There have been numerous attempts to introduce the successful concepts from the Mexican and Indian projects into Africa.[21] These programs have generally been less successful. Reasons cited include widespread corruption, insecurity, a lack of infrastructure, and a general lack of will on the part of the governments. Yet environmental factors, such as the availability of water for irrigation, the high diversity in slope and soil types in one given area are also reasons why the Green Revolution is not so successful in Africa.[22]

A recent program in western Africa is attempting to introduce a new high-yielding 'family' of rice varieties known as "New Rice for Africa" (NERICA).

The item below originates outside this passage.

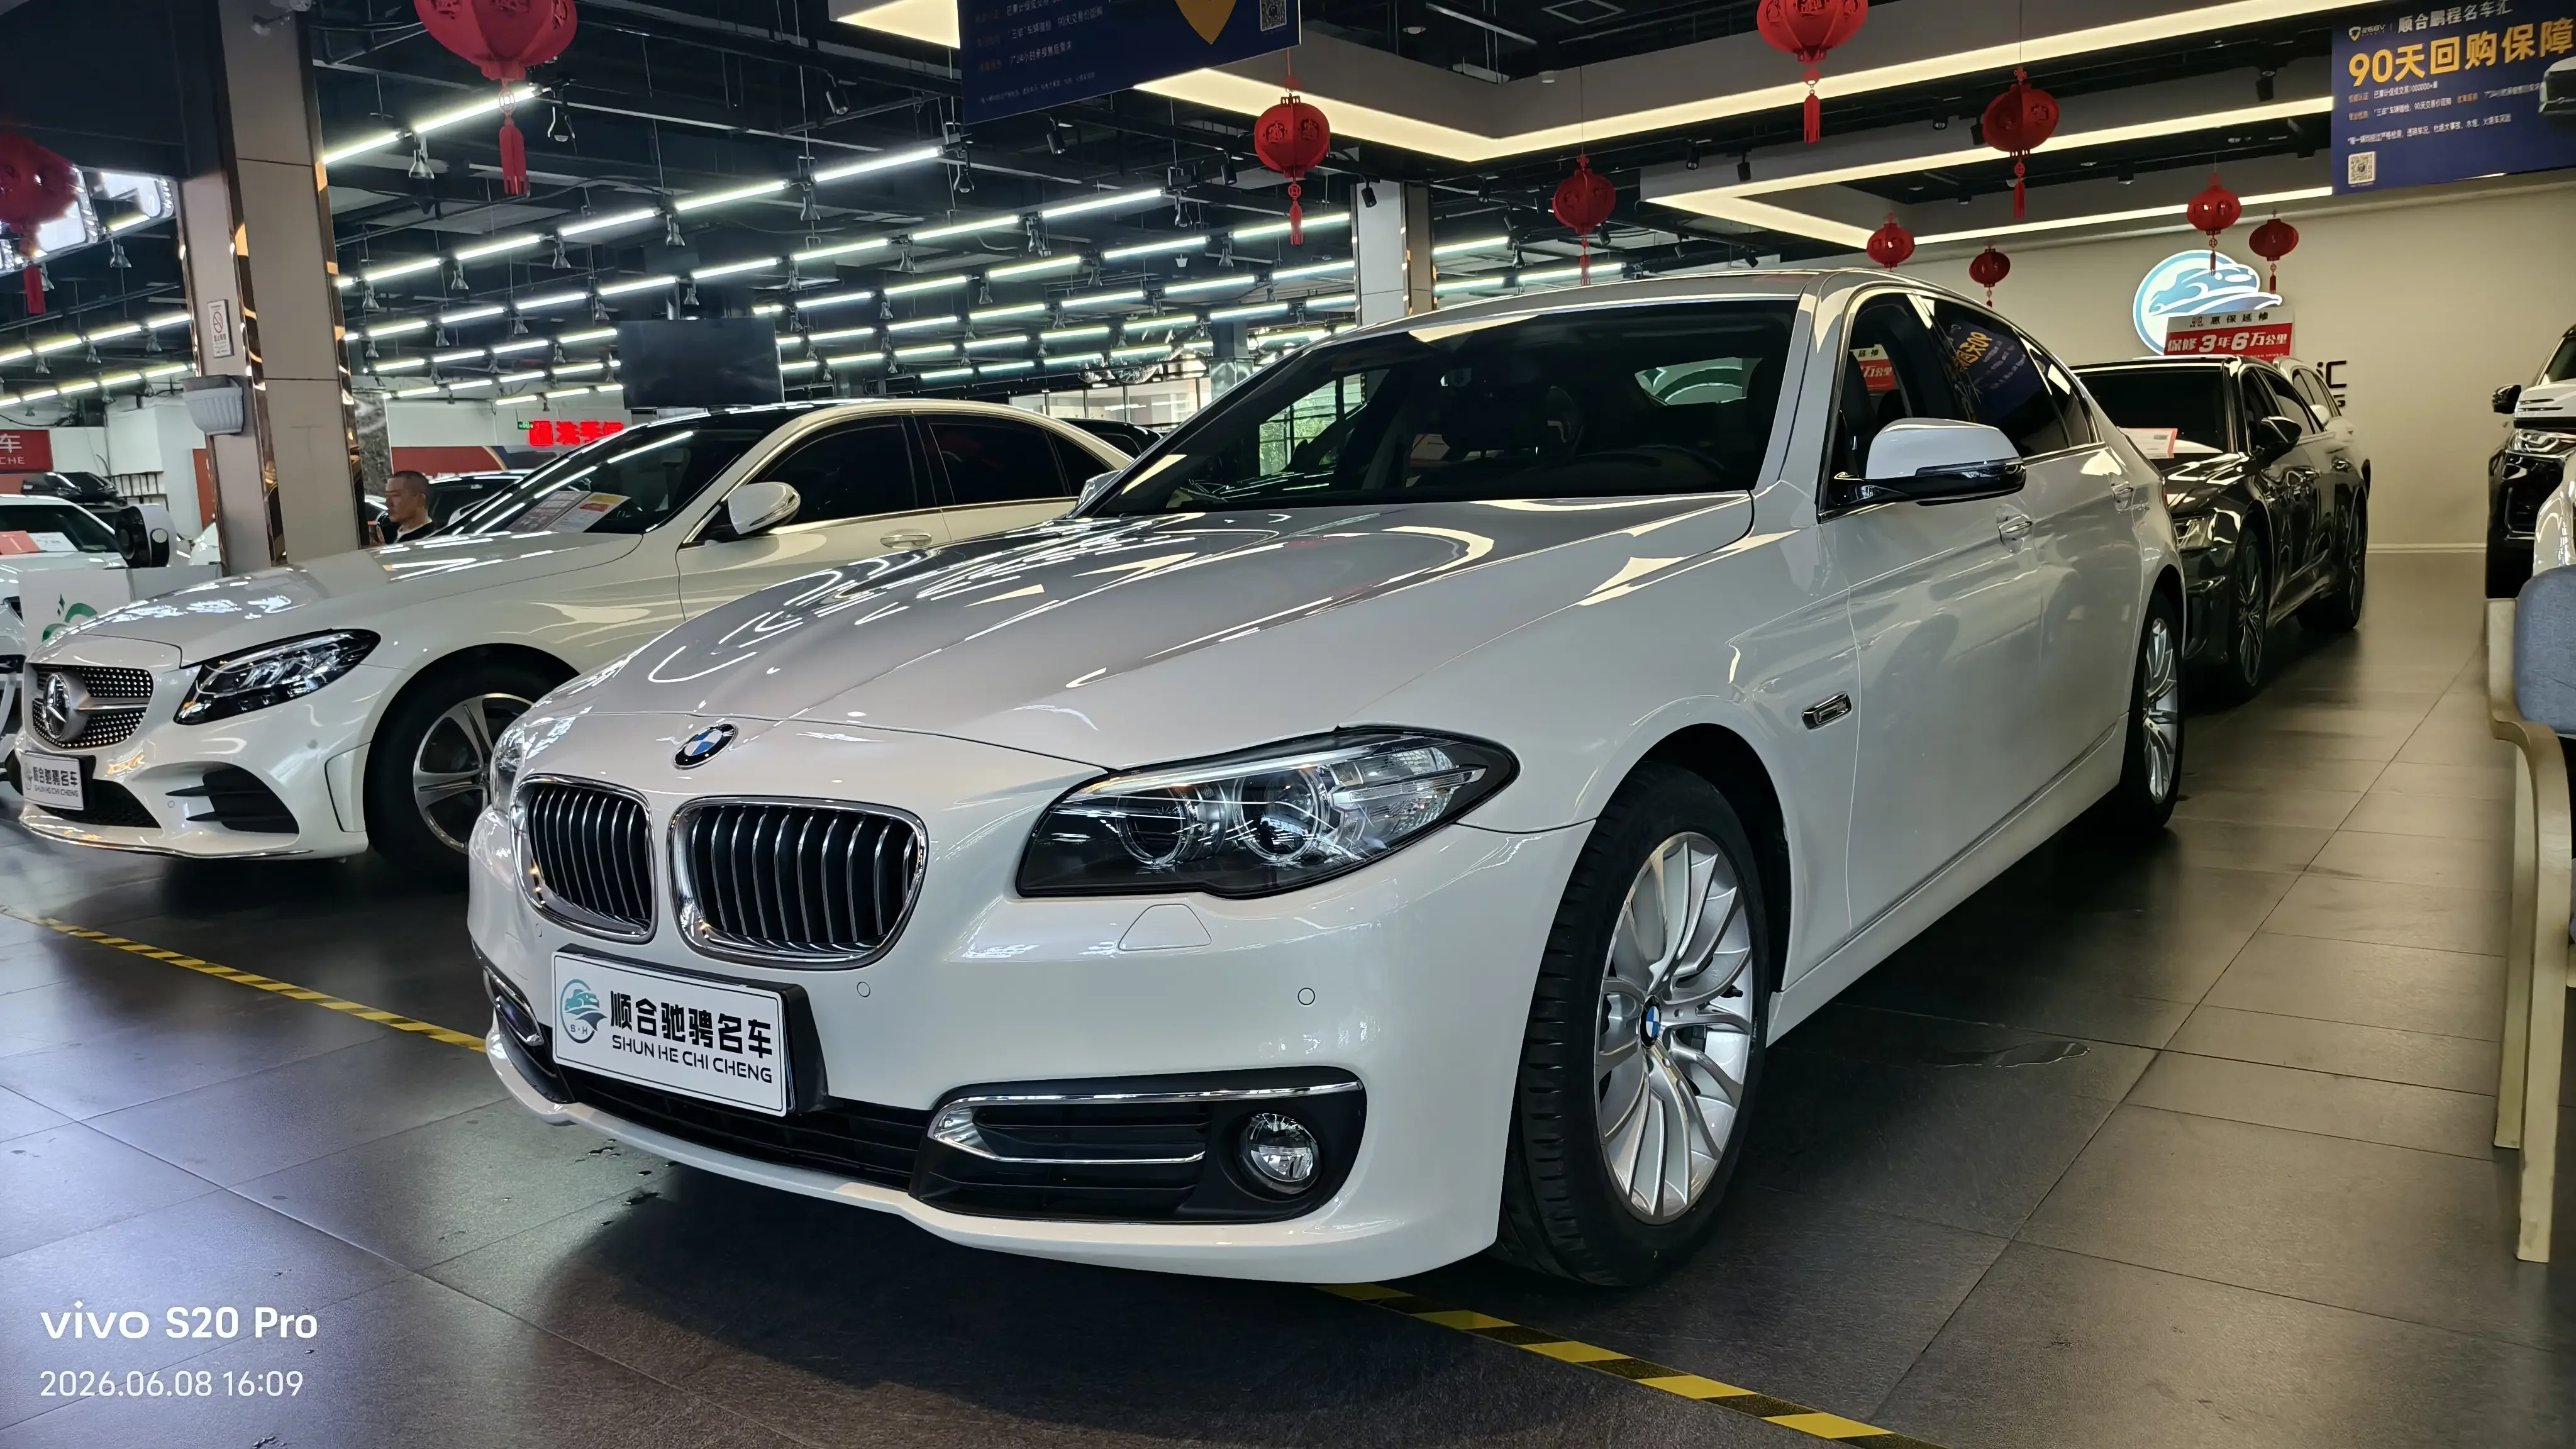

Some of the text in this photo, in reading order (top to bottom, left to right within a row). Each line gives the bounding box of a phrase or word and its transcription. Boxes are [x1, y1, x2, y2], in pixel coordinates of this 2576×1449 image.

[2348, 18, 2574, 87] 90天回购保障
[610, 991, 772, 1058] 顺合驰骋名车
[612, 1035, 772, 1084] SHUN HE CHI CHENG

NERICA varieties yield about 30% more rice under normal conditions, and can double yields with small amounts of fertilizer and very basic irrigation. However, the program has been beset by problems getting the rice into the hands of farmers, and to date the only success has been in Guinea, where it currently accounts for 16% of rice cultivation.[23]

After a famine in 2001 and years of chronic hunger and poverty, in 2005 the small African country of Malawi launched the "Agricultural Input Subsidy Program" by which vouchers are given to smallholder farmers to buy subsidized nitrogen fertilizer and maize seeds. Within its first year, the program was reported to have had extreme success, producing the largest maize harvest of the country's history, enough to feed the country with tons of maize left over. The program has advanced yearly ever since. Various sources claim that the program has been an unusual success, hailing it as a "miracle".[24]

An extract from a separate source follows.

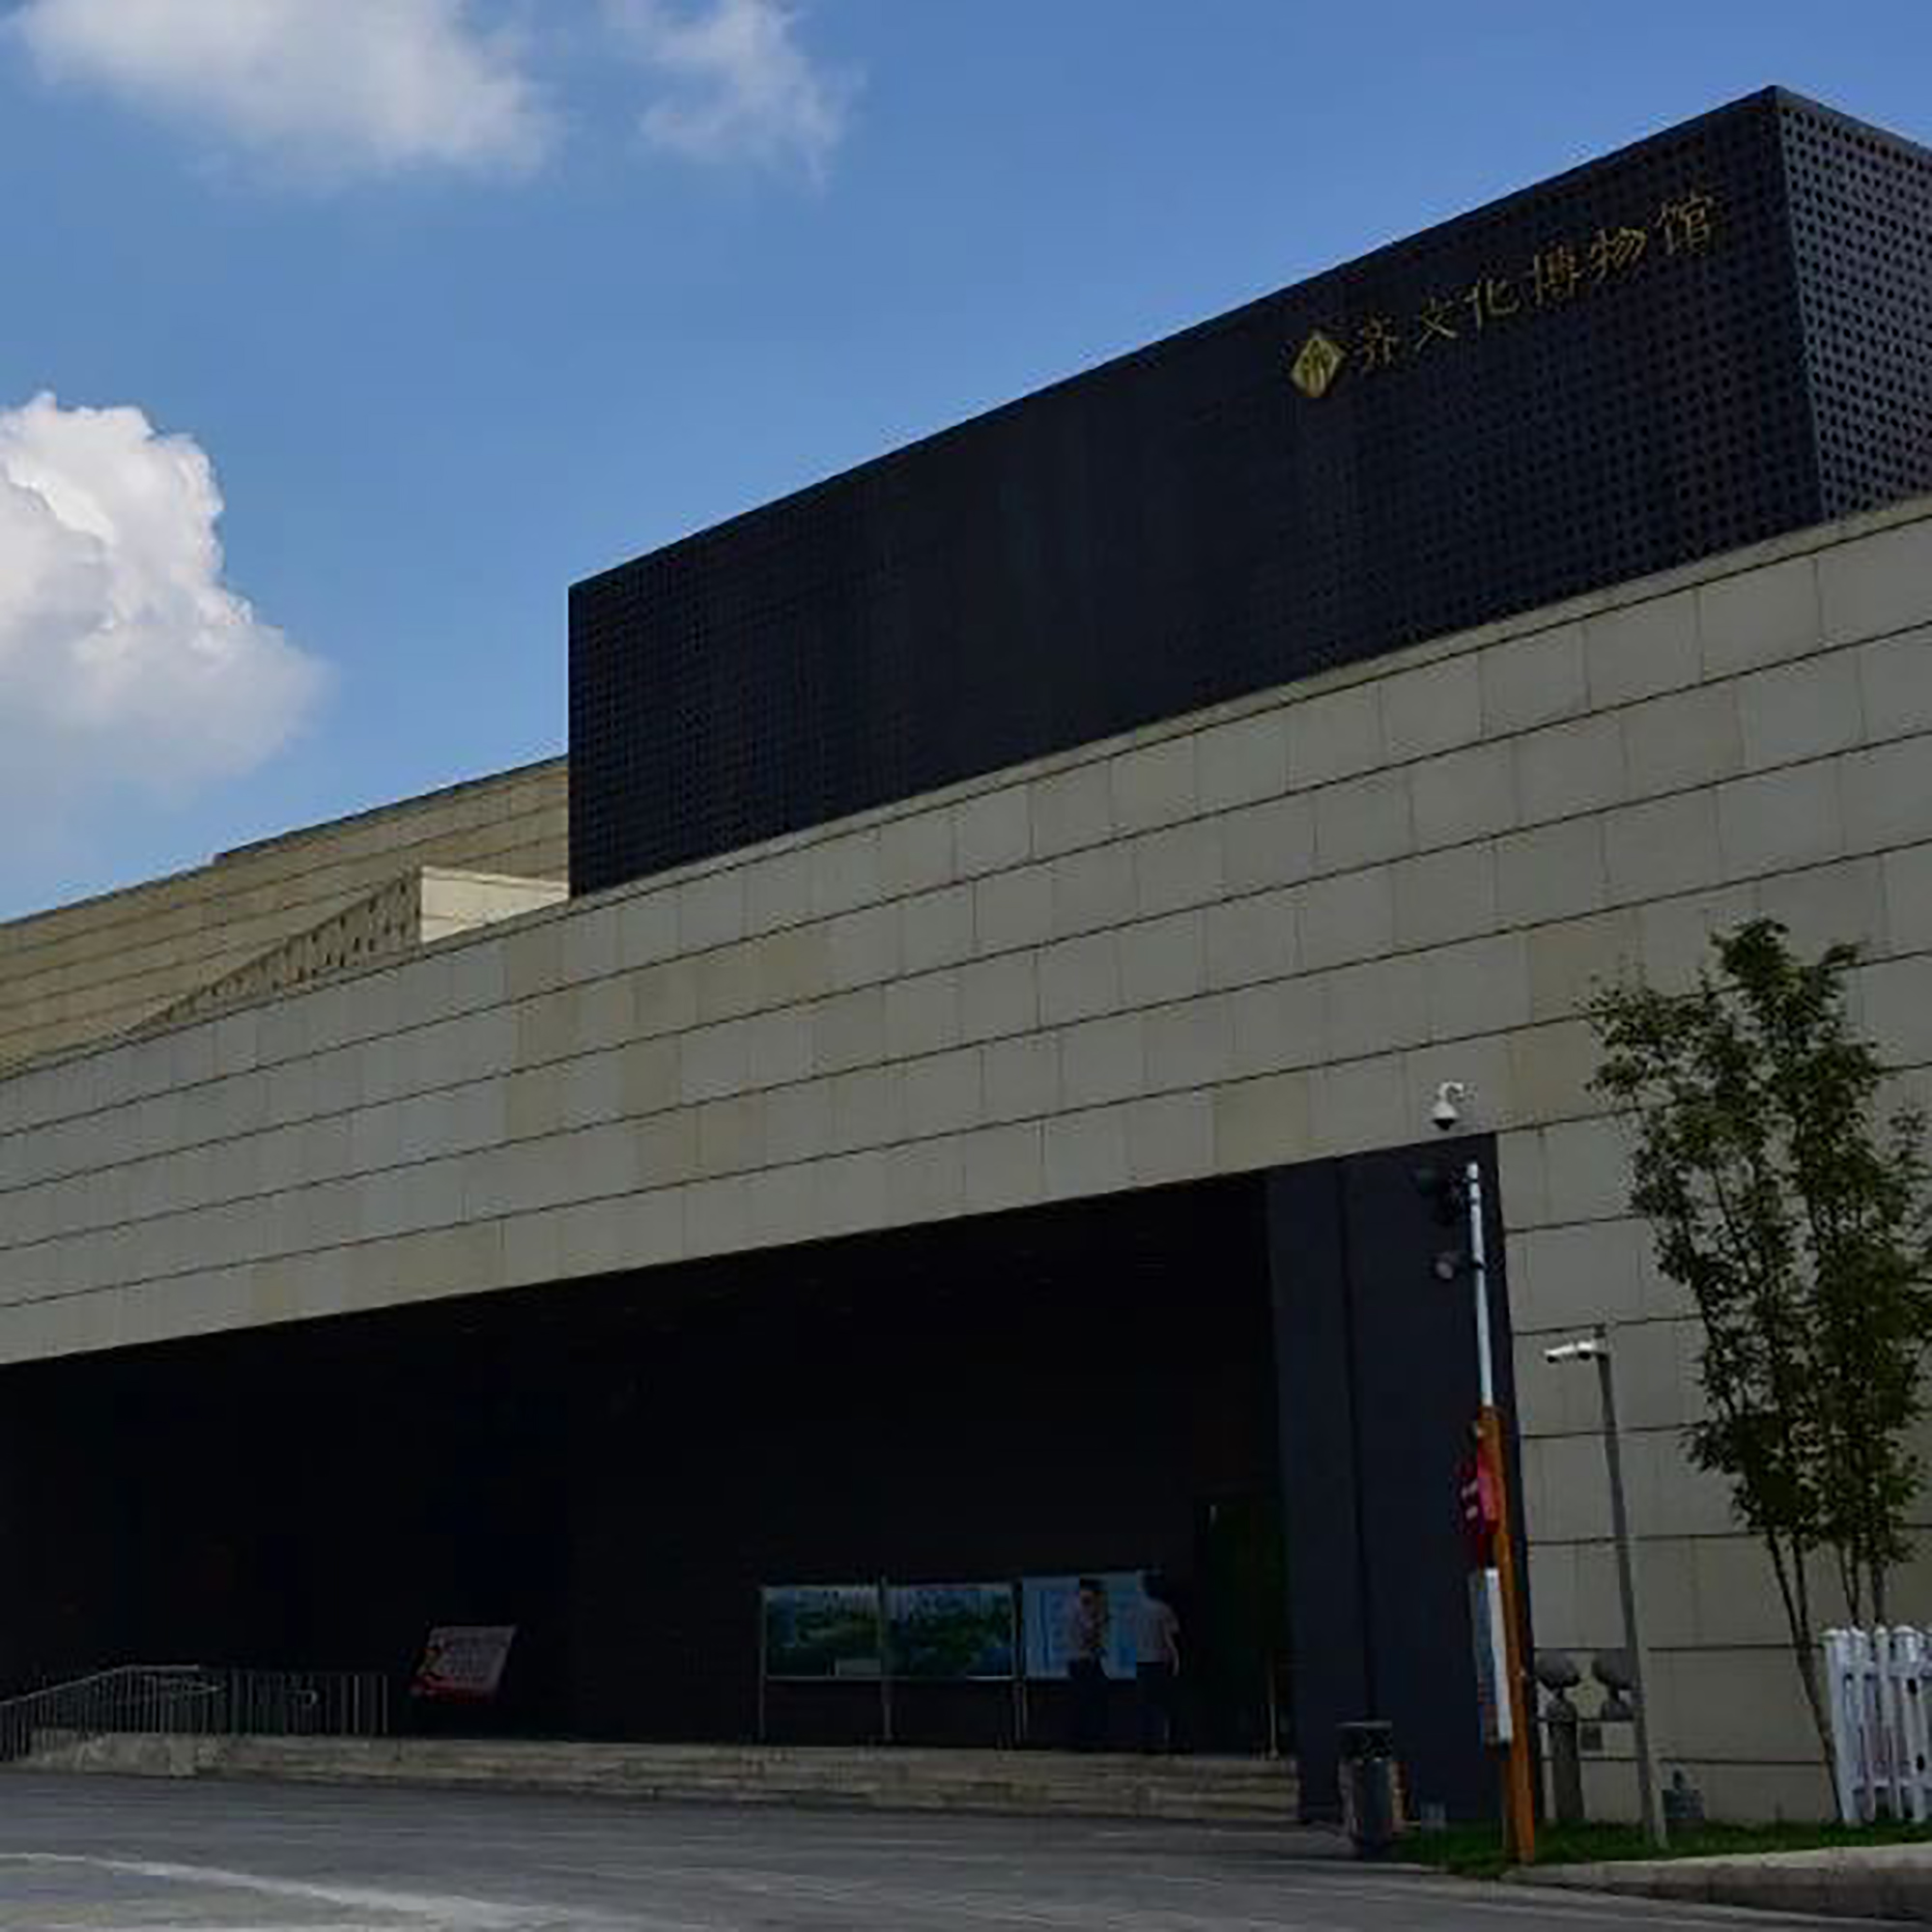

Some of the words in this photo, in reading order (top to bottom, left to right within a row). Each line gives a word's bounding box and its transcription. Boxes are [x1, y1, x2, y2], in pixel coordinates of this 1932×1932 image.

[1356, 191, 1715, 373] 齐文化博物馆

Agricultural production and food security

Technologies

New varieties of wheat and other grains were instrumental to the green revolution.

The Green Revolution spread technologies that already existed, but had not been widely implemented outside industrialized nations. These technologies included modern irrigation projects, pesticides, synthetic nitrogen fertilizer and improved crop varieties developed through the conventional, science-based methods available at the time.

The novel technological development of the Green Revolution was the production of novel wheat cultivars. Agronomists bred cultivars of maize, wheat, and rice that are generally referred to as HYVs or "high-yielding varieties". HYVs have higher nitrogen-absorbing potential than other varieties. Since cereals that absorbed extra nitrogen would typically lodge, or fall over before harvest, semi-dwarfing genes were bred into their genomes. A Japanese dwarf wheat cultivar (Norin 10 wheat), which was sent to Washington, D.C. by Cecil Salmon, was instrumental in developing Green Revolution wheat cultivars. IR8, the first widely implemented HYV rice to be developed by IRRI, was created through a cross between an Indonesian variety named "Peta" and a Chinese variety named "Dee-geo-woo-gen."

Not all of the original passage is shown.